Lazarus is Dead
Page 8
She is over to his right again. She covers half her face with her shawl, moves, slips behind a cluster of cousins.
Sick as Lazarus is, Lydia inflames the embers of his sixteen-year-old self. She fills him with an ache that pulses from his jaw through his heart to his testicles. She is once more on his left, but he can’t call out because he’s on show under the huppah waiting for his virgin bride.
Lydia moves, Lydia appears, Lydia disappears. She will not give him the respite he needs. She is there, and then a procession obscures her.
It is Saloma, heavily concealed beneath robes and veils, surrounded by many aunts. By now, for Lazarus, the ceremony is literally a blur. A matchmaker paid by the day confirms the details of the marriage contract. Instead of a money gift, Lazarus symbolically offers himself as a servant to Isaiah’s family, as a provider of sacrificial lambs. Saloma will live in Bethany and be cared for by Mary and Martha.
Lazarus has everything he planned for.
Yet he starts to act strangely, he can’t help himself. His head jerks left and right because even with fading eyesight he’s desperate for a glimpse of Lydia. He sees her again, now to his right, and suddenly understands what she’s doing. She is circling him seven times, and the canopy above his head is a trap with no escape. He wants to lie down. The matchmaker informs him he may now hold his betrothed by the hand.
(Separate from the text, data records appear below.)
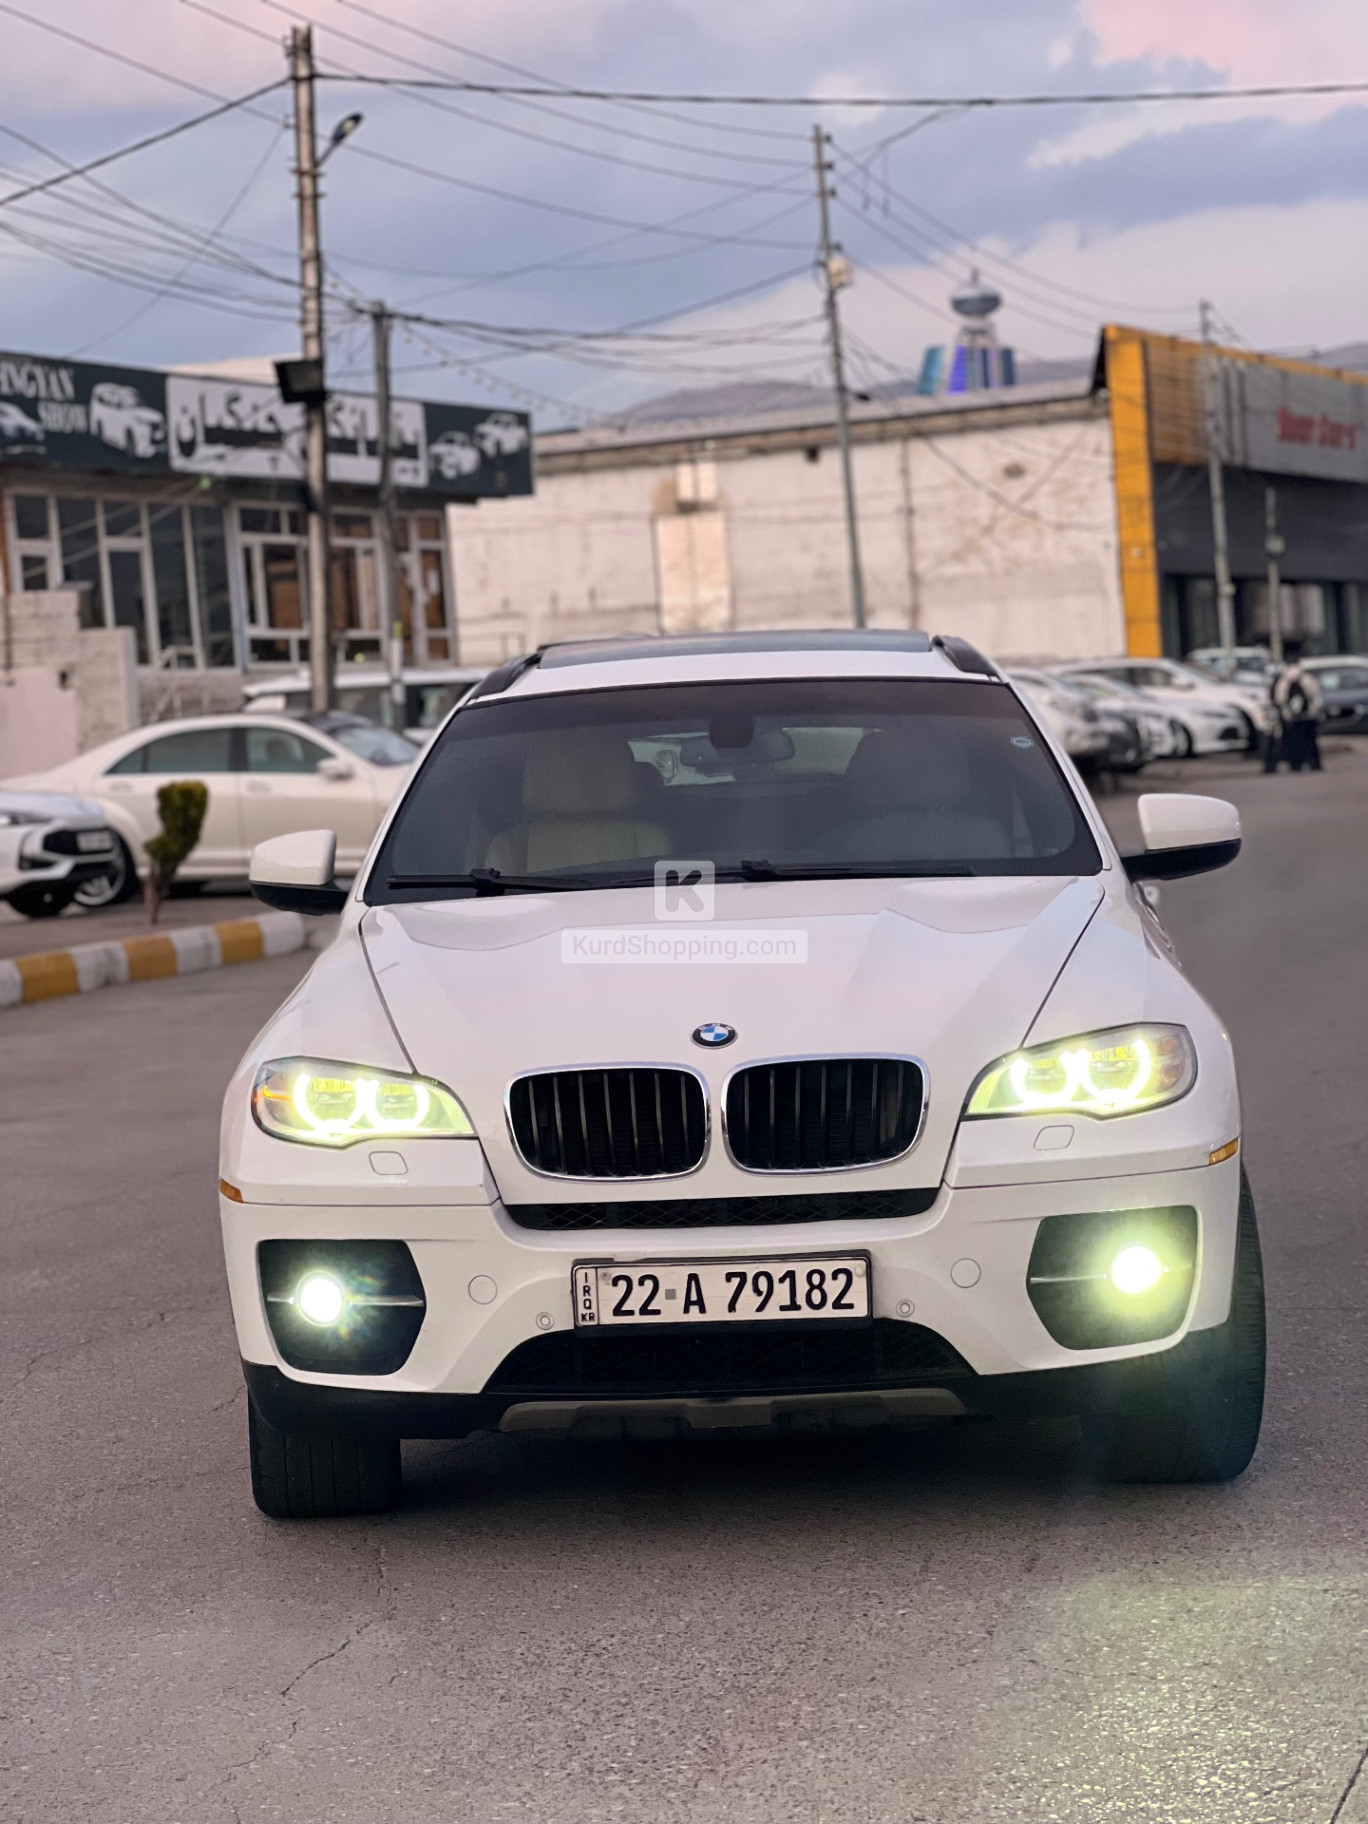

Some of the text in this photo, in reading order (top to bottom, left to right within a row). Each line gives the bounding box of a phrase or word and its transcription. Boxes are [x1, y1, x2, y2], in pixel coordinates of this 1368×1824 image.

[611, 1267, 855, 1317] 22 A 79182
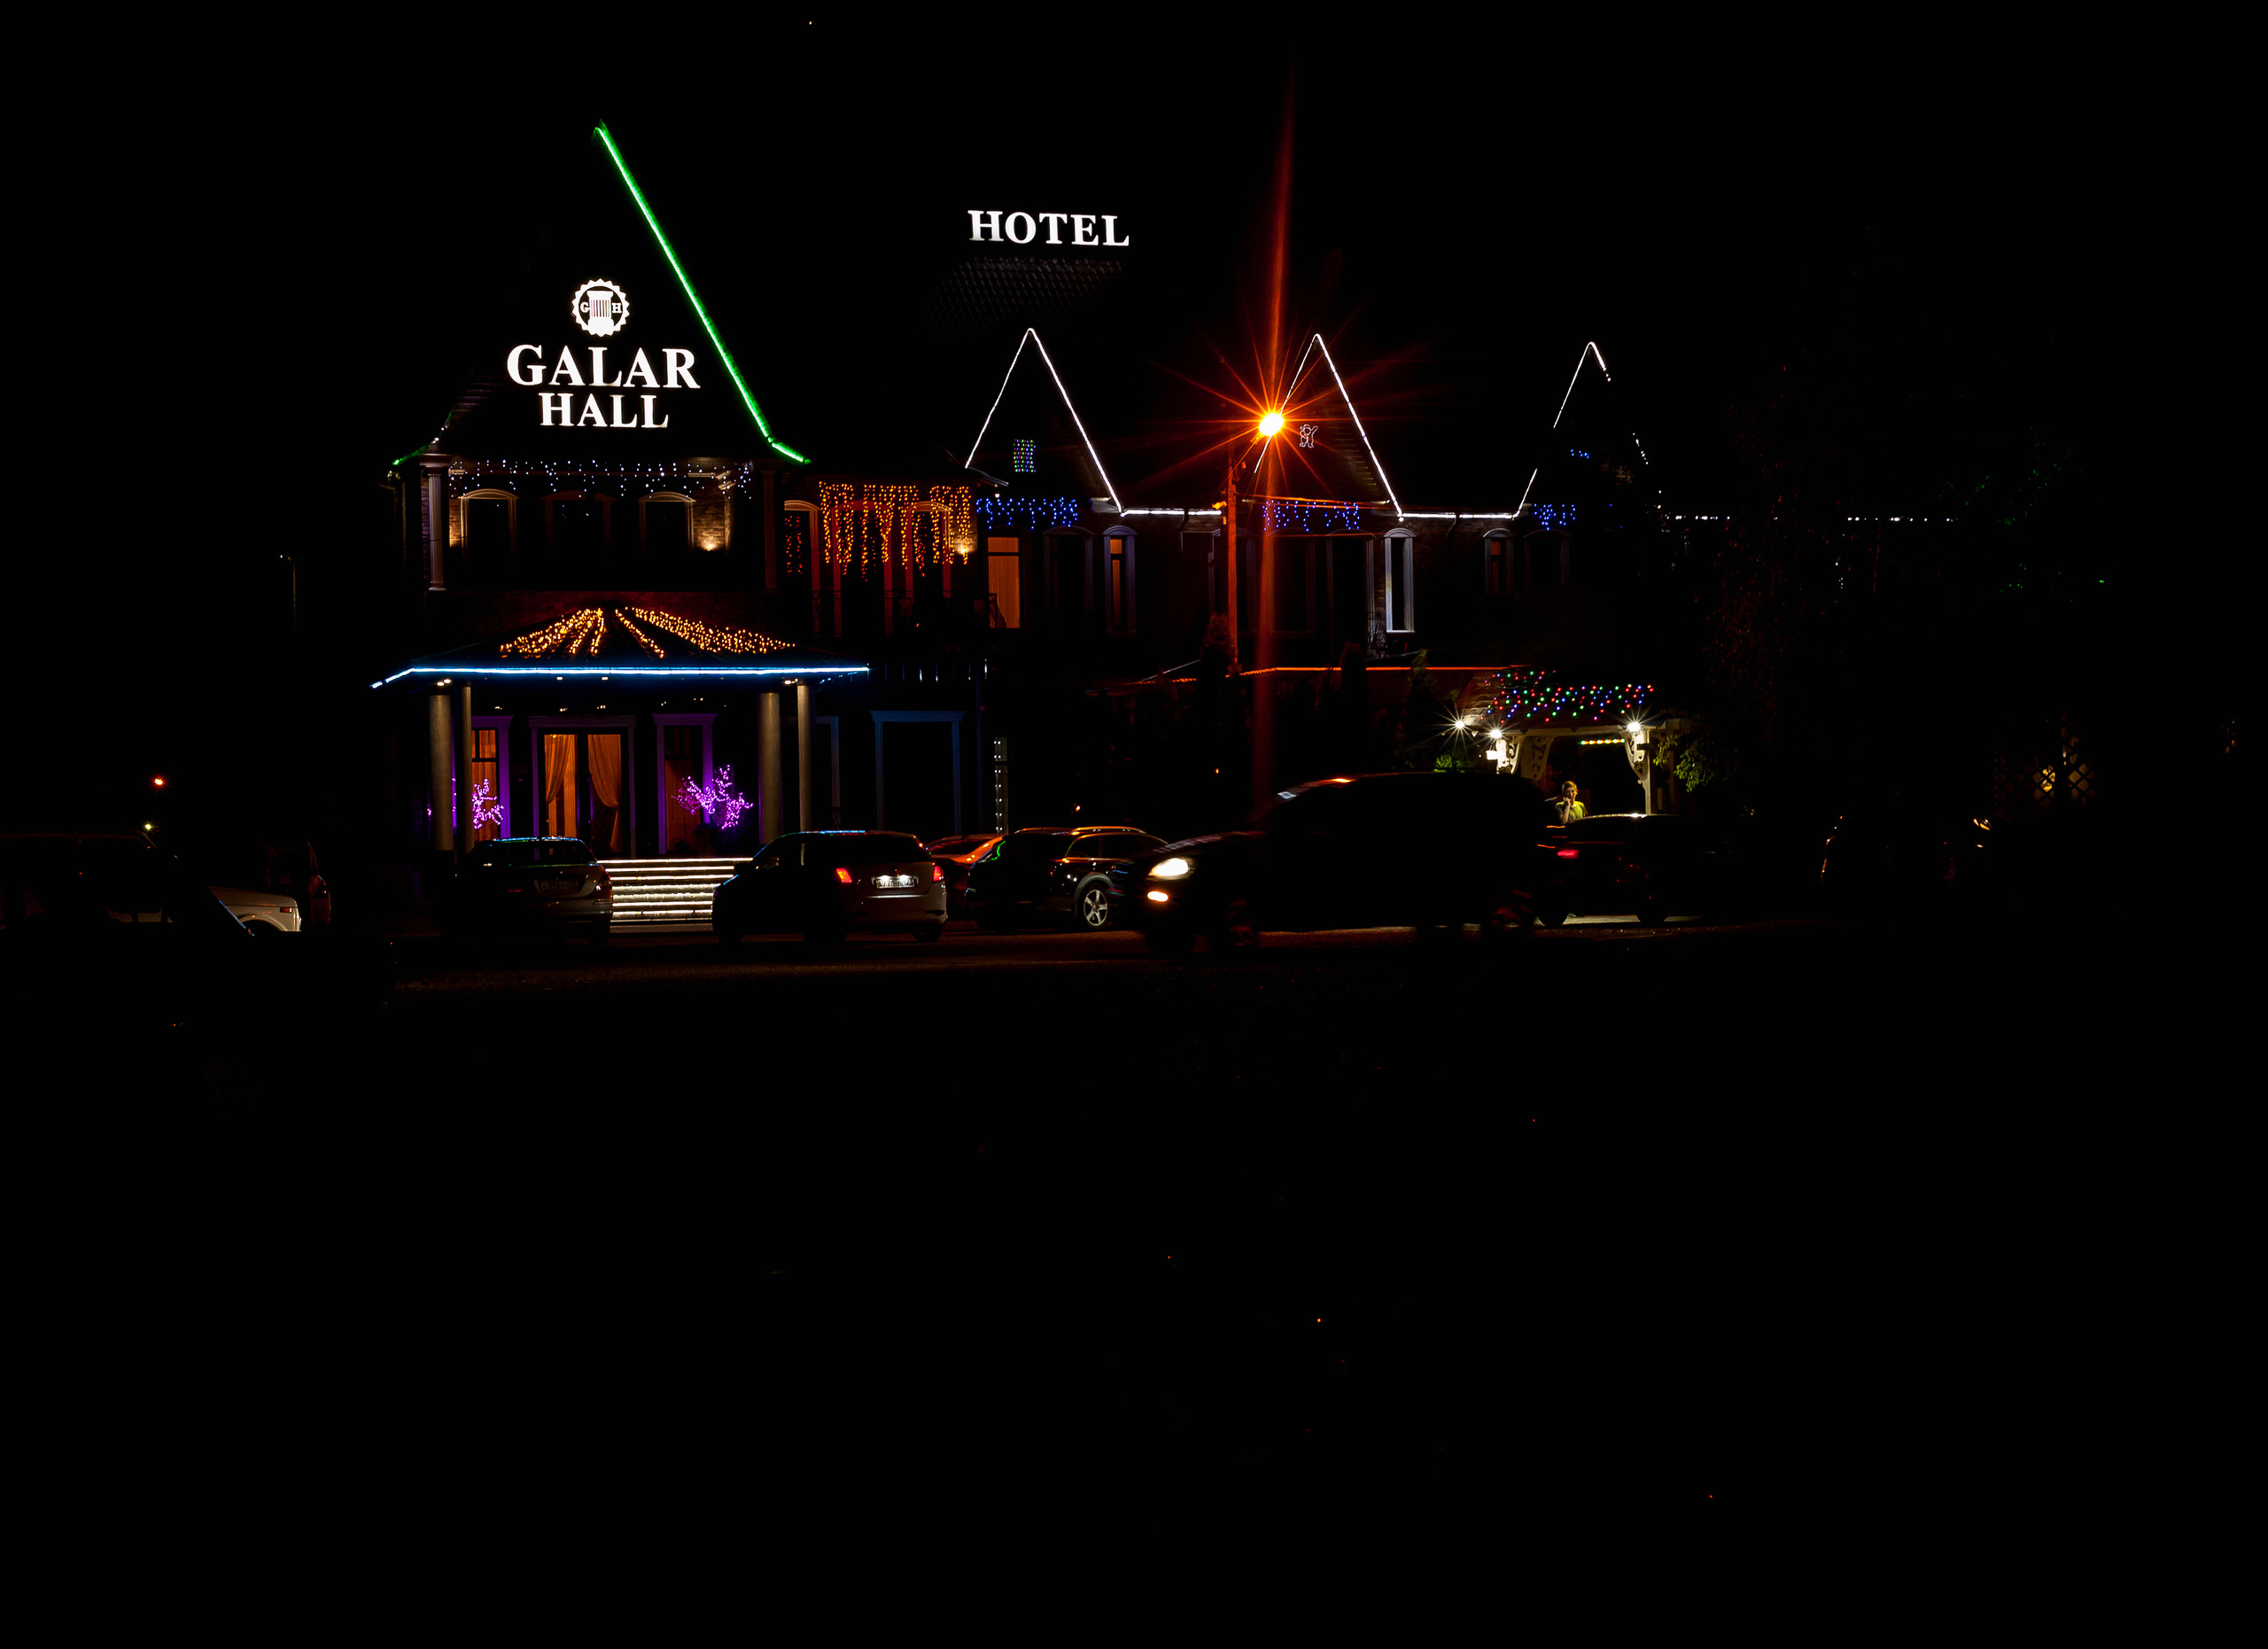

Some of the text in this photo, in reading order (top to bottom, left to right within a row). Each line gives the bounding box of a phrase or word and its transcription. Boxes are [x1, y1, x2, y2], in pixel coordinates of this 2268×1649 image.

[967, 210, 1130, 246] HOTEL
[580, 302, 622, 313] G H
[507, 344, 701, 388] GALAR
[538, 393, 669, 428] HALL
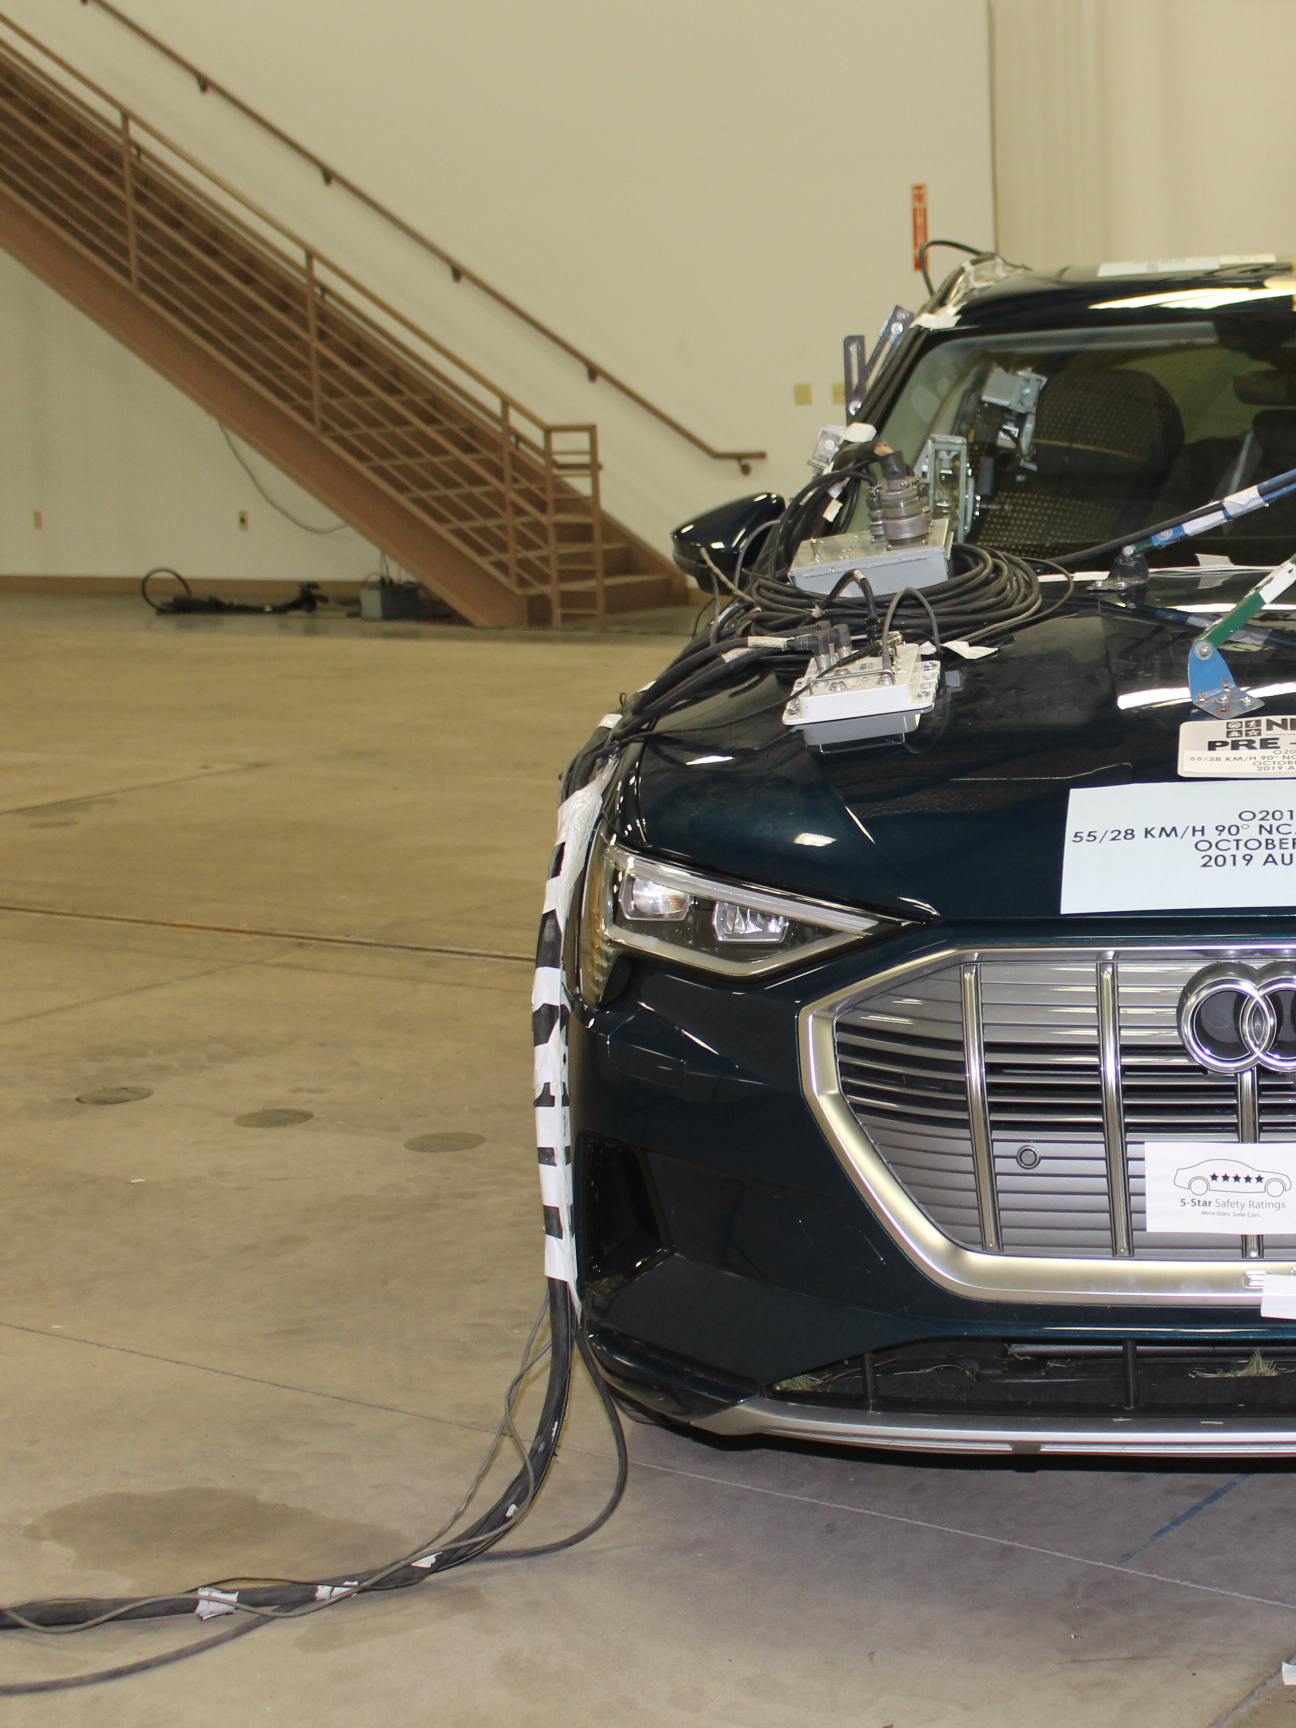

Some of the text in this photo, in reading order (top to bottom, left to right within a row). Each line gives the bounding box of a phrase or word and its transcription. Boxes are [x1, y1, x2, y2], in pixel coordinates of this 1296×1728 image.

[1207, 737, 1281, 751] PRE
[1071, 828, 1136, 844] 55/28
[1144, 825, 1206, 840] KM/H
[1200, 853, 1254, 868] 2019
[1180, 1198, 1286, 1212] 5-Star Safety Ratings
He is sweating, aching, about to collapse. His eyes flutter upwards in his head and he reaches out his hand, his wrong hand, the one furthest from Saloma.
‘Martha, take me home.’
3.
The next day Jesus goes looking in Jerusalem for someone who is sick.
Despite suggestions made by the disciples, no one within the city walls matches his requirements. He therefore leaves Jerusalem by the Sheep Gate, taking the Bethany road. The disciples nod wisely. The Bethesda pool, an impeccable choice. Jesus walks past the Bethesda pool. He looks set for Bethany, like most travellers who leave the city in this direction, and he is halfway there before he stops.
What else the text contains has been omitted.